■ Problem
Omit every picture. Return all other data as it stands.

(Stored data entries)
************
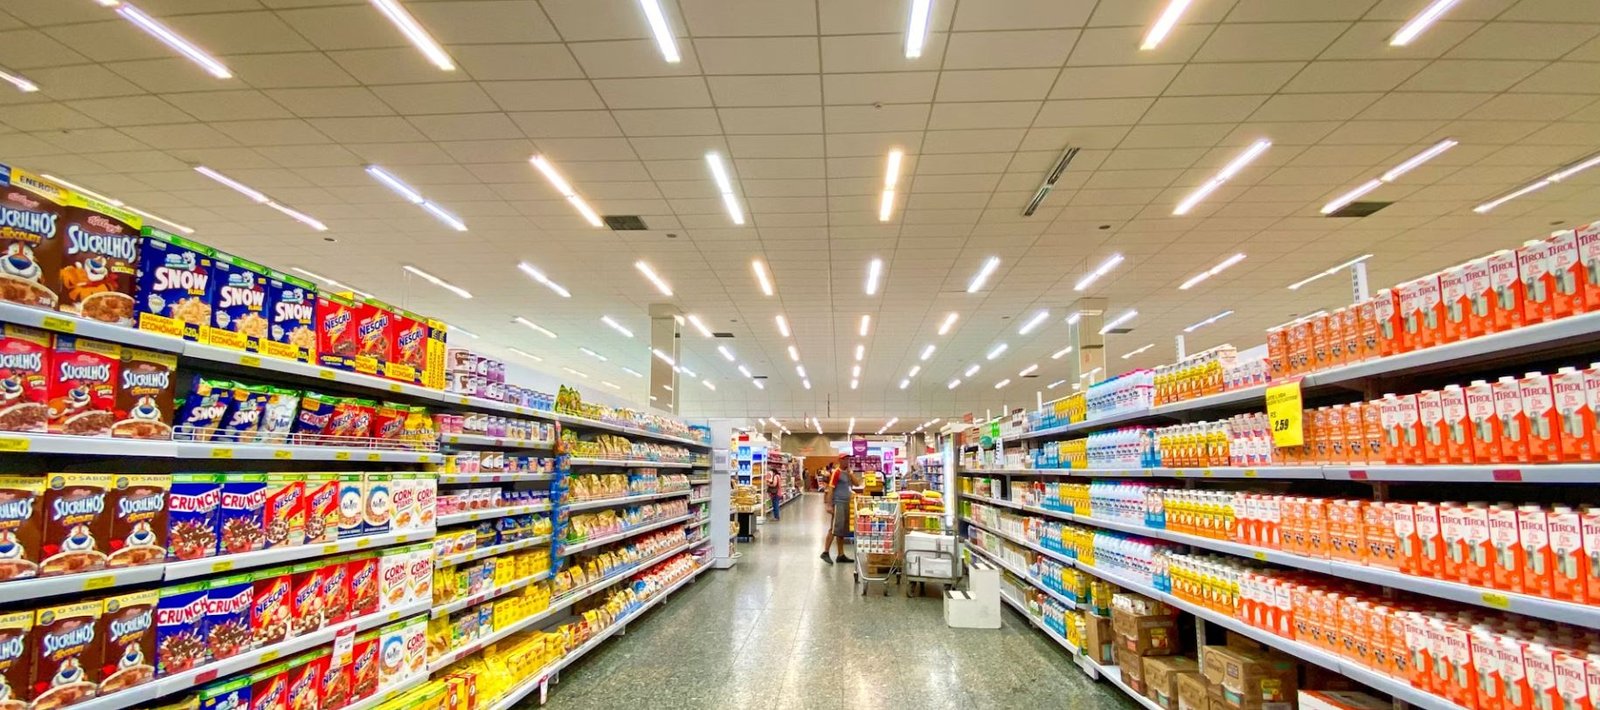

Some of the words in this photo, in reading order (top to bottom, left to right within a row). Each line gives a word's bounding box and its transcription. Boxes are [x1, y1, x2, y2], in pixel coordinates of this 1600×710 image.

[0, 207, 58, 239] UCRILHOS
[67, 225, 137, 264] SUCRILHOS
[1580, 233, 1600, 246] TIRO
[1548, 242, 1575, 256] TIROL
[1491, 262, 1515, 273] TIROL
[1520, 252, 1547, 265] TIROL
[153, 266, 208, 291] SNOW
[1465, 270, 1488, 281] TIROL
[220, 285, 265, 308] SNOW
[275, 302, 313, 322] SNOW
[324, 312, 351, 331] NESCAU
[359, 316, 389, 338] NESCAU
[399, 329, 424, 347] NESCAU
[0, 352, 42, 373] UCRILHOS
[60, 362, 111, 383] SUCRILHOS
[122, 370, 170, 389] SUCRILHOS
[1494, 391, 1520, 401] TIROL
[1522, 387, 1549, 398] TIROL
[1554, 383, 1583, 394] TIROL
[1468, 395, 1493, 404] TIROL
[188, 404, 228, 422] SNOW
[229, 409, 260, 428] SNO
[169, 489, 220, 510] CRUNCH
[222, 489, 267, 508] CRUNCH
[393, 489, 412, 503] CORN
[53, 493, 105, 521] SUCRILHOS
[119, 493, 164, 518] SUCRILHOS
[1490, 519, 1514, 529] TIROL
[1521, 521, 1545, 532] TIROL
[1550, 523, 1578, 534] TIROL
[1584, 525, 1600, 534] TIR
[385, 564, 404, 581] CORN
[411, 560, 429, 575] CORN
[207, 589, 254, 613] CRUNCH
[255, 584, 288, 614] NESCAU
[158, 597, 208, 625] CRUNCH
[111, 609, 152, 642] SUCRILHOS
[44, 621, 95, 657] SUCRILHOS
[1525, 658, 1553, 672] TIROL
[1556, 665, 1583, 681] TIROL
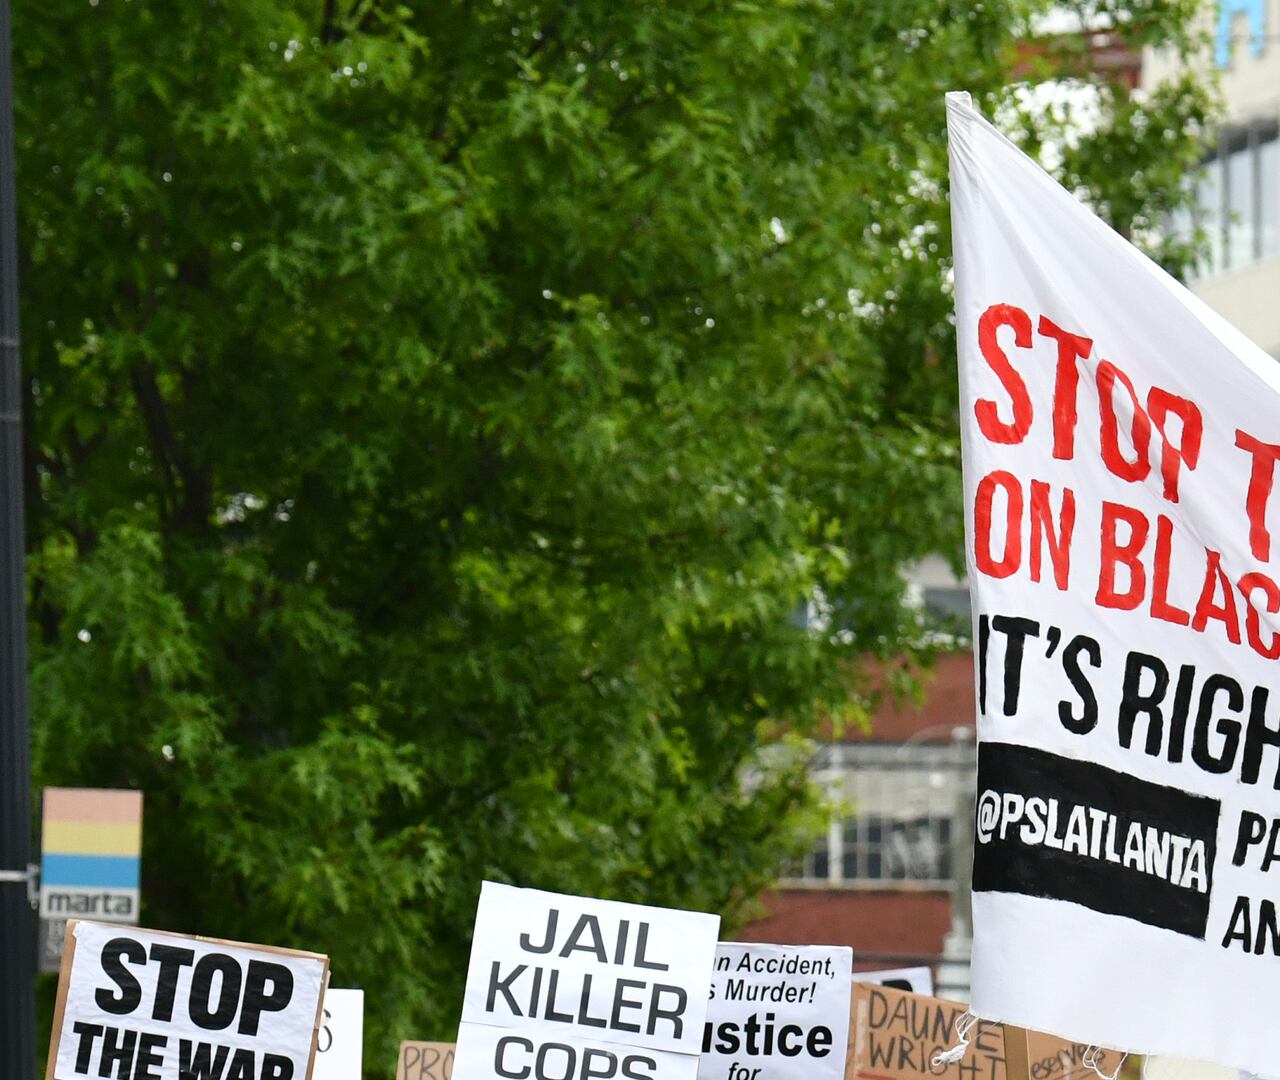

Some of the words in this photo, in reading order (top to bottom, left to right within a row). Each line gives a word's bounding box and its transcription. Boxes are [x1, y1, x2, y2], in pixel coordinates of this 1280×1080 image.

[974, 302, 1203, 503] STOP
[974, 470, 1075, 590] ON
[979, 614, 1102, 735] IT'S
[977, 789, 1208, 893] @PSLATLANTA
[48, 893, 132, 914] marta
[519, 908, 669, 971] JAIL
[94, 937, 294, 1036] STOP
[485, 961, 688, 1040] KILLER
[725, 978, 817, 1004] Murder!
[736, 951, 837, 979] Accident,
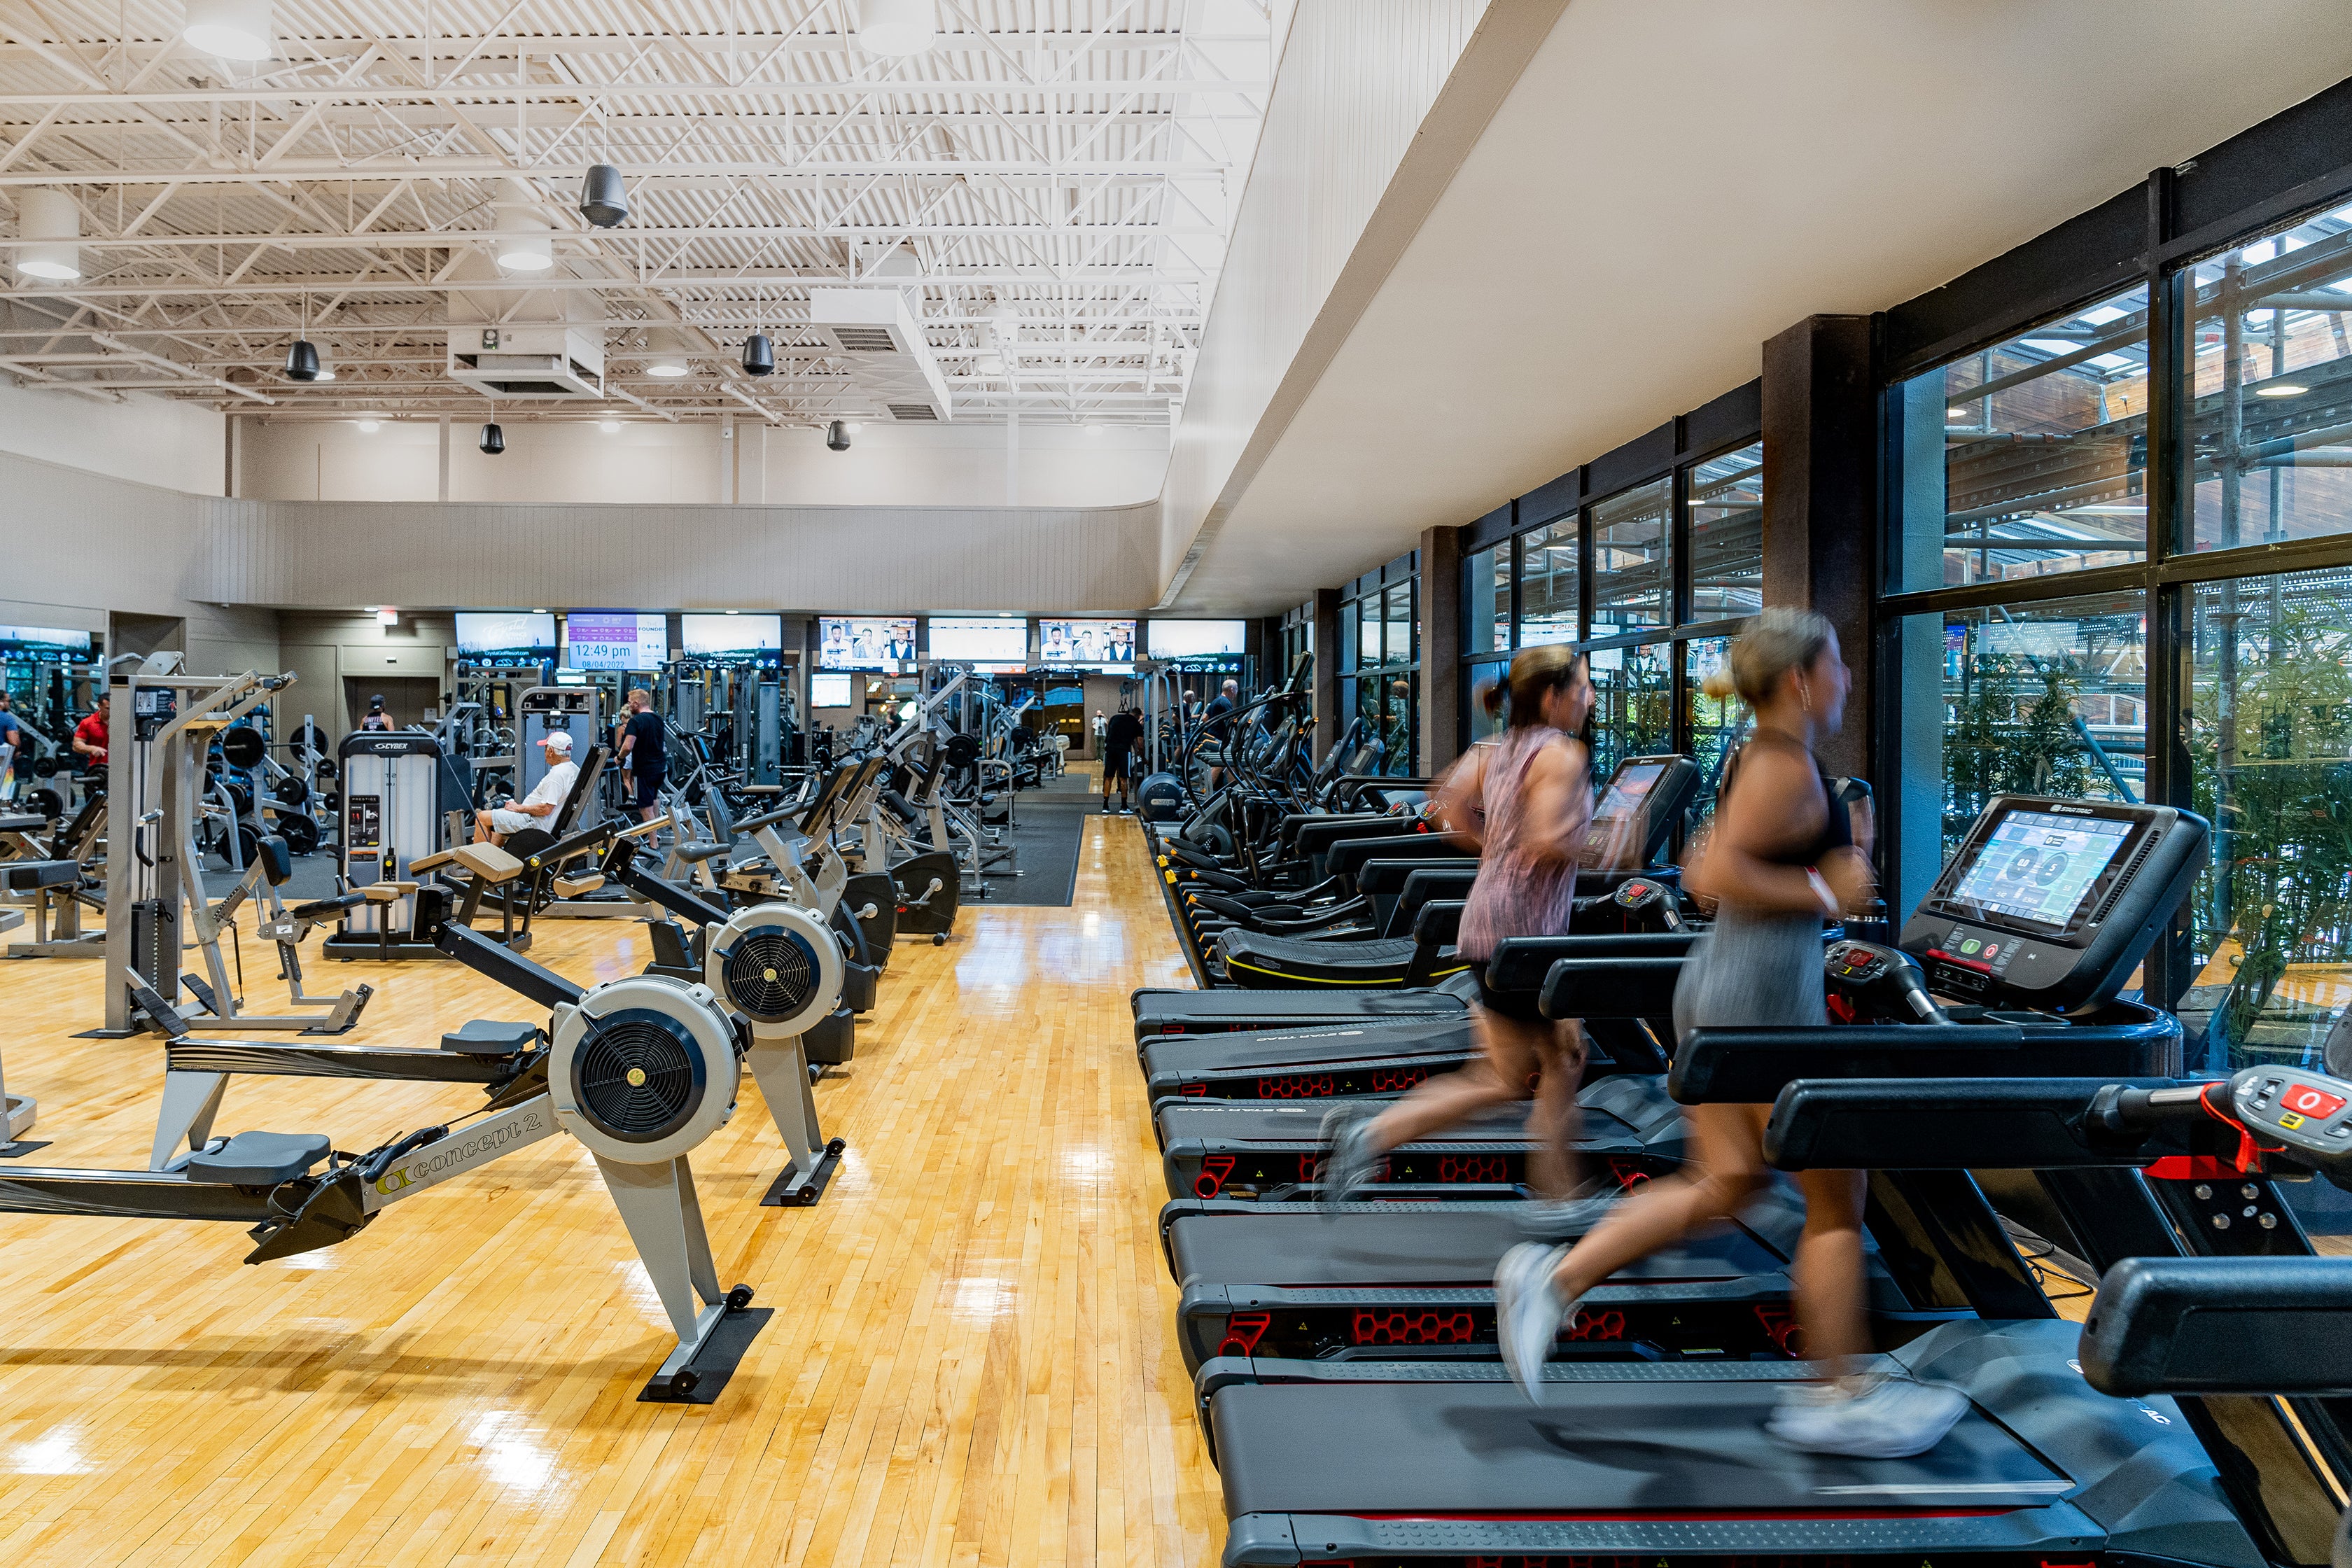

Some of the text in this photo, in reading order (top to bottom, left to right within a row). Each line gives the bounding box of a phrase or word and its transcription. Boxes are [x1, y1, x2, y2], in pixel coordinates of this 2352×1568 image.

[576, 645, 630, 659] 12:49 pm
[582, 660, 624, 668] 08/04/2022
[414, 1113, 542, 1178] concept 2
************
■ Expected output
Some of the words in this photo, in reading order (top to bottom, left to right within a row). Each line gives a word's bounding box and its transcription. Boxes are [x1, y1, x2, y2], in pixel coordinates of this 1600×710 image.

[0, 207, 58, 239] UCRILHOS
[67, 225, 137, 264] SUCRILHOS
[1580, 233, 1600, 246] TIRO
[1548, 242, 1575, 256] TIROL
[1491, 262, 1515, 273] TIROL
[1520, 252, 1547, 265] TIROL
[153, 266, 208, 291] SNOW
[1465, 270, 1488, 281] TIROL
[220, 285, 265, 308] SNOW
[275, 302, 313, 322] SNOW
[324, 312, 351, 331] NESCAU
[359, 316, 389, 338] NESCAU
[399, 329, 424, 347] NESCAU
[0, 352, 42, 373] UCRILHOS
[60, 362, 111, 383] SUCRILHOS
[122, 370, 170, 389] SUCRILHOS
[1494, 391, 1520, 401] TIROL
[1522, 387, 1549, 398] TIROL
[1554, 383, 1583, 394] TIROL
[1468, 395, 1493, 404] TIROL
[188, 404, 228, 422] SNOW
[229, 409, 260, 428] SNO
[169, 489, 220, 510] CRUNCH
[222, 489, 267, 508] CRUNCH
[393, 489, 412, 503] CORN
[53, 493, 105, 521] SUCRILHOS
[119, 493, 164, 518] SUCRILHOS
[1490, 519, 1514, 529] TIROL
[1521, 521, 1545, 532] TIROL
[1550, 523, 1578, 534] TIROL
[1584, 525, 1600, 534] TIR
[385, 564, 404, 581] CORN
[411, 560, 429, 575] CORN
[207, 589, 254, 613] CRUNCH
[255, 584, 288, 614] NESCAU
[158, 597, 208, 625] CRUNCH
[111, 609, 152, 642] SUCRILHOS
[44, 621, 95, 657] SUCRILHOS
[1525, 658, 1553, 672] TIROL
[1556, 665, 1583, 681] TIROL

Some of the words in this photo, in reading order (top to bottom, left to right within a row). Each line gives a word's bounding box and its transcription. Boxes are [x1, y1, x2, y2], in pixel coordinates of this 1280×1080 image.

[974, 302, 1203, 503] STOP
[974, 470, 1075, 590] ON
[979, 614, 1102, 735] IT'S
[977, 789, 1208, 893] @PSLATLANTA
[48, 893, 132, 914] marta
[519, 908, 669, 971] JAIL
[94, 937, 294, 1036] STOP
[485, 961, 688, 1040] KILLER
[725, 978, 817, 1004] Murder!
[736, 951, 837, 979] Accident,

Some of the text in this photo, in reading order (top to bottom, left to right within a row). Each line gives the bounding box of a phrase or word and its transcription. Boxes are [x1, y1, x2, y2], in pixel coordinates of this 2352×1568 image.

[576, 645, 630, 659] 12:49 pm
[582, 660, 624, 668] 08/04/2022
[414, 1113, 542, 1178] concept 2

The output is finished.